* **Problem details**: Will you output all of the data below exactly, omitting the images?

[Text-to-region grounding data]
........
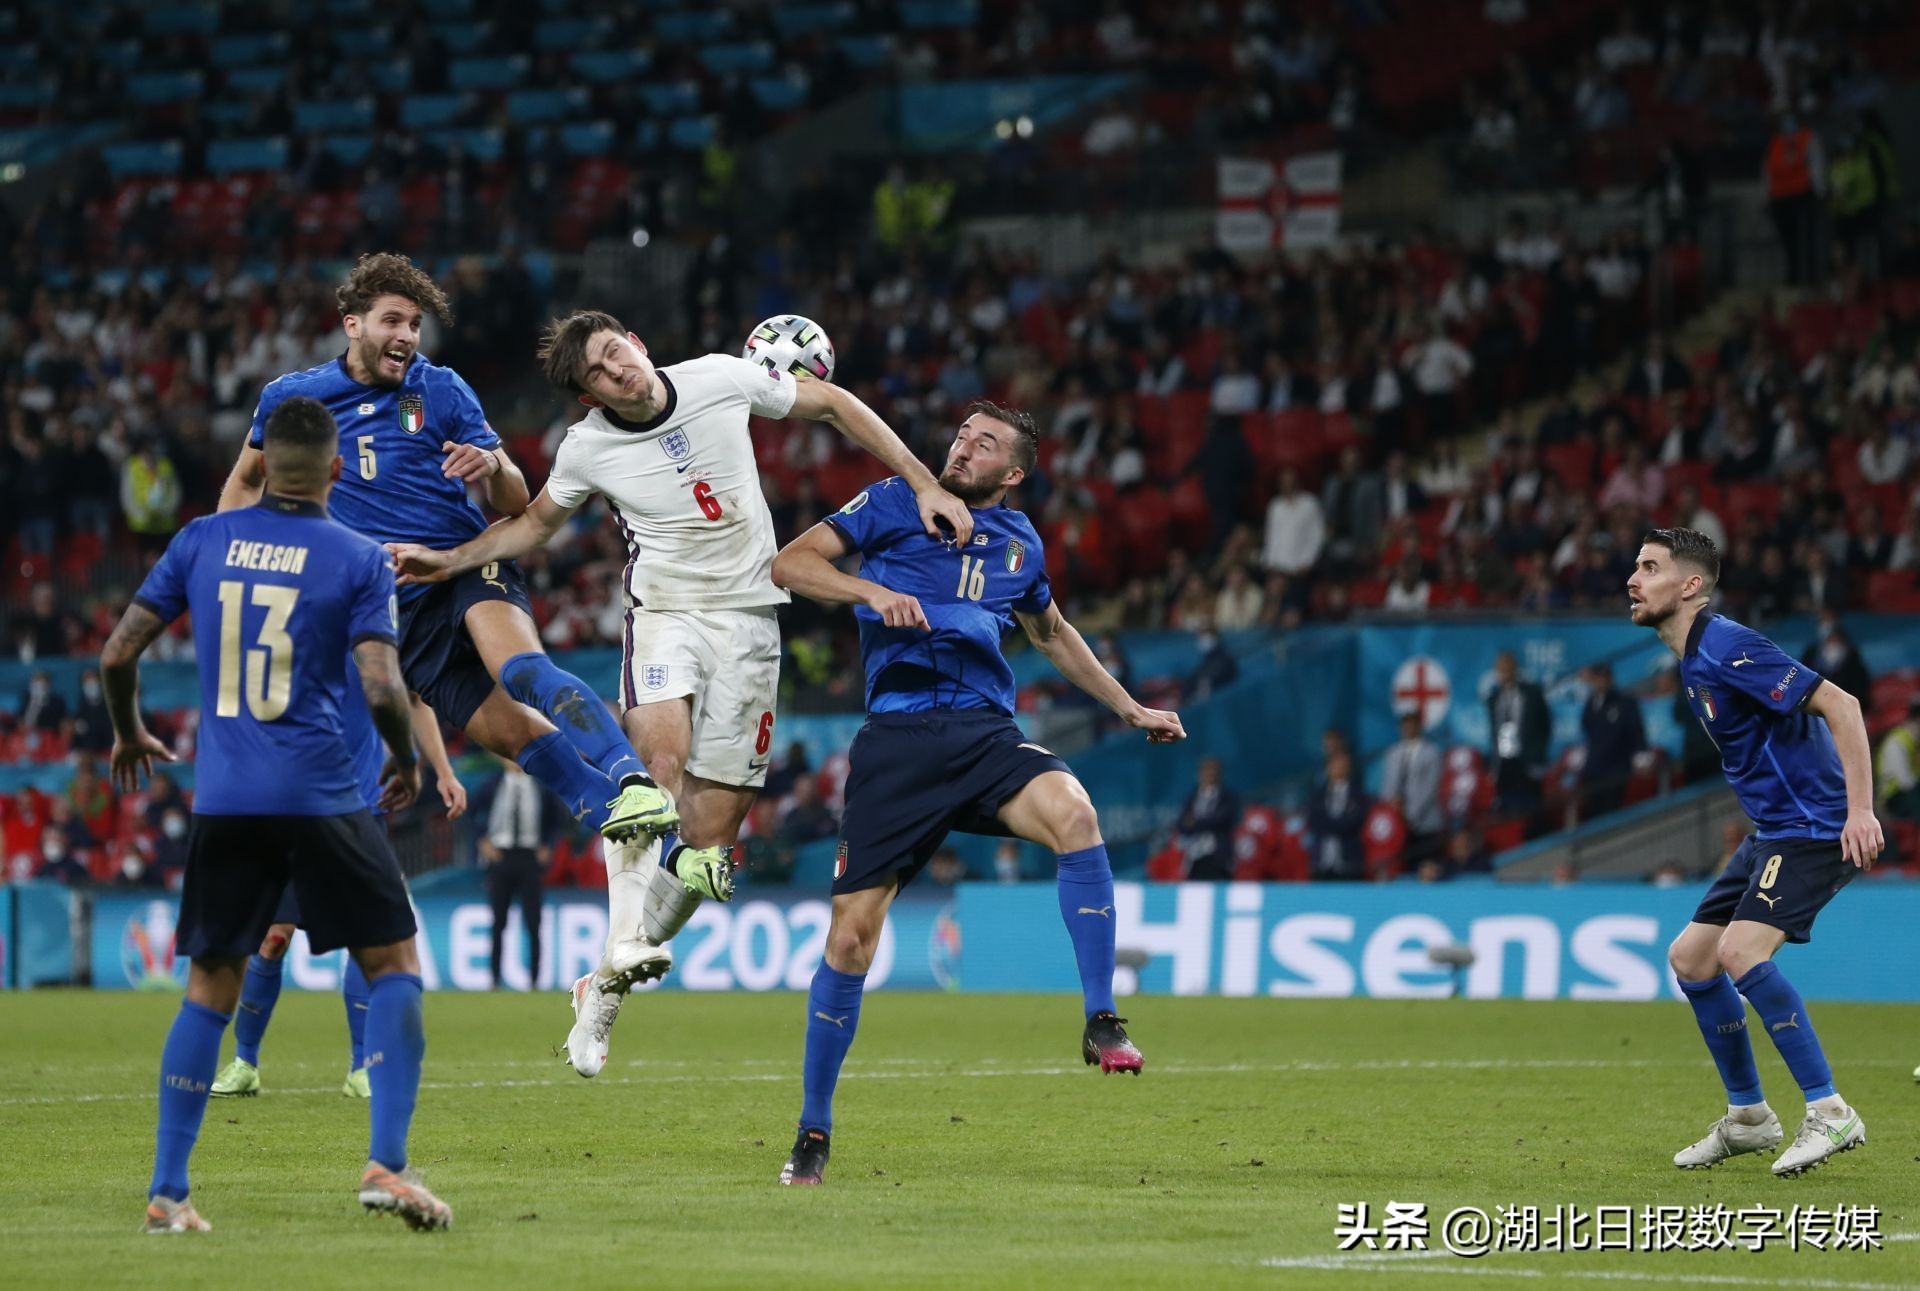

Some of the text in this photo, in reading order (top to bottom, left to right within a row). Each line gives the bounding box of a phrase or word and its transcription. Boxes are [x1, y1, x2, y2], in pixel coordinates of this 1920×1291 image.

[357, 435, 377, 481] 5
[693, 482, 722, 521] 6
[225, 539, 308, 574] EMERSON
[956, 554, 986, 601] 16
[216, 580, 300, 722] 13
[1778, 666, 1798, 692] RESPECT
[755, 710, 774, 755] 6
[1759, 854, 1783, 890] 8
[448, 903, 667, 991] EUR
[1113, 881, 1691, 1001] Hisens
........
* **Exercise solution**:
Some of the text in this photo, in reading order (top to bottom, left to right within a row). Each line gives the bounding box of a phrase or word and its transcription. Boxes are [x1, y1, x2, y2], in pixel coordinates of this 1920×1291 image.

[357, 435, 377, 481] 5
[693, 482, 722, 521] 6
[225, 539, 308, 574] EMERSON
[956, 554, 986, 601] 16
[216, 580, 300, 722] 13
[1778, 666, 1798, 692] RESPECT
[755, 710, 774, 755] 6
[1759, 854, 1783, 890] 8
[448, 903, 667, 991] EUR
[1113, 881, 1691, 1001] Hisens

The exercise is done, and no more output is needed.